Authors: Tom Cox
A continuing exception to the ‘no strings attached’ rules of Roscoe’s affection were the occasions when Gemma and I were wrapped in a towel. Roscoe loved towels so much that, were you merely holding one, she would follow you around the house in the hope that you might pause and let her attach herself to it in some way. This made for some very rewarding moments of bonding, but would have been inconvenient on a full-time basis. Because I kept rather odd working hours, I already answered the door to my local postmen and women in a variety of garments; were they to see me clad only in a large John Lewis bath sheet, I sensed they would view it as the final evidence confirming their suspicions that I was not a hardworking writer at all but a layabout who smoked weed all day in his underclothes whilst playing Mortal Kombat.
Like people, some
cats just seem to feel stuff on a deeper level than others: it’s a predicament with its pros and cons. On the plus side, as a free and easy kind of kitten who didn’t seem to let much bother her, Roscoe was completely accepting of Ralph, Shipley and The Bear. Those first few antagonistic, constipated days were thankfully an anomaly.
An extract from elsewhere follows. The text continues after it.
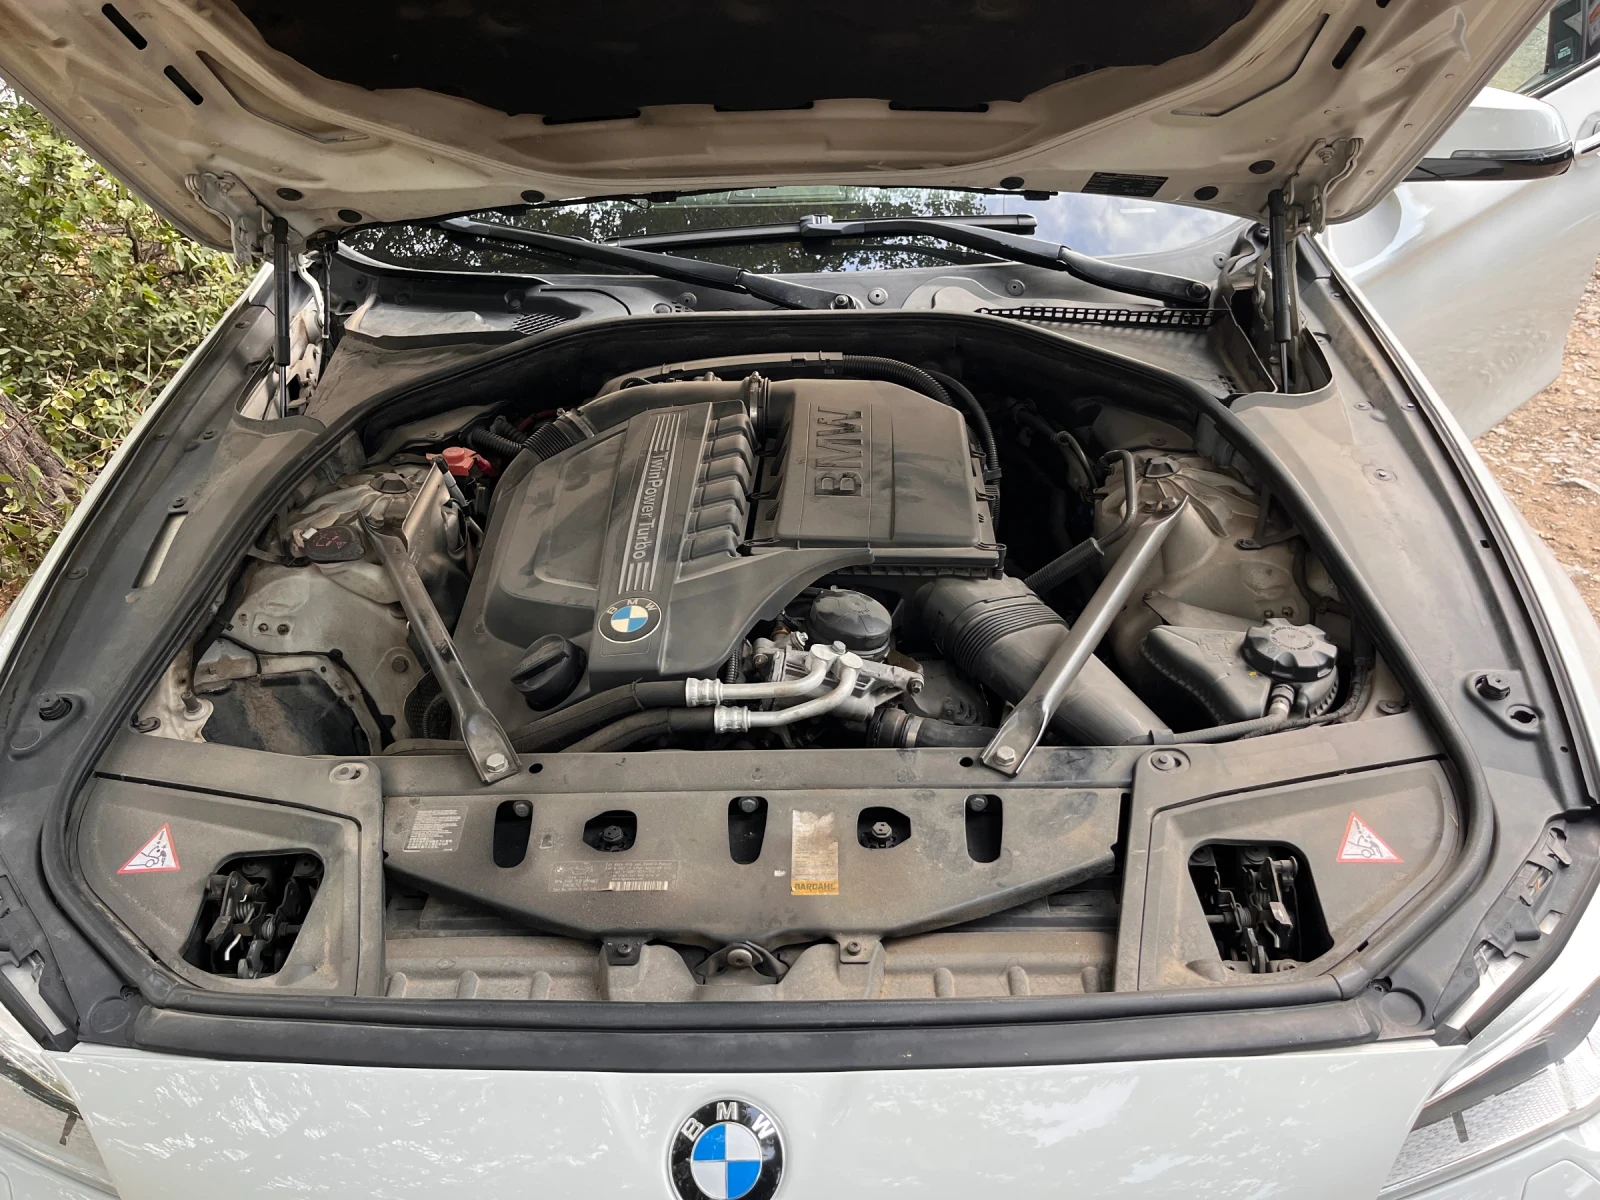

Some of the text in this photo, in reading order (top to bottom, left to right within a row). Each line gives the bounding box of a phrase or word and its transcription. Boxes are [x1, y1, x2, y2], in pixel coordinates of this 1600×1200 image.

Like many cats, and humans, Roscoe seemed a little in awe of Ralph’s magnificent physical presence, often following him around and sliding up against him – mostly to his beaming approval, only occasionally to his faint irritation. Her relationship with The Bear was more distant, but mutually tolerant – as if the two of them knew that they came from such different worlds that they couldn’t possibly clash. The only hint of aggro came between her and Shipley, since she continued to delight in getting right up into his face. Shipley’s petulance – his curses now sounding like a protest along the lines of ‘It’s my role to be annoying – this isn’t allowed!’ – only encouraged her. His attempts to subjugate her with violence were always restrained, and she remained completely fearless of him.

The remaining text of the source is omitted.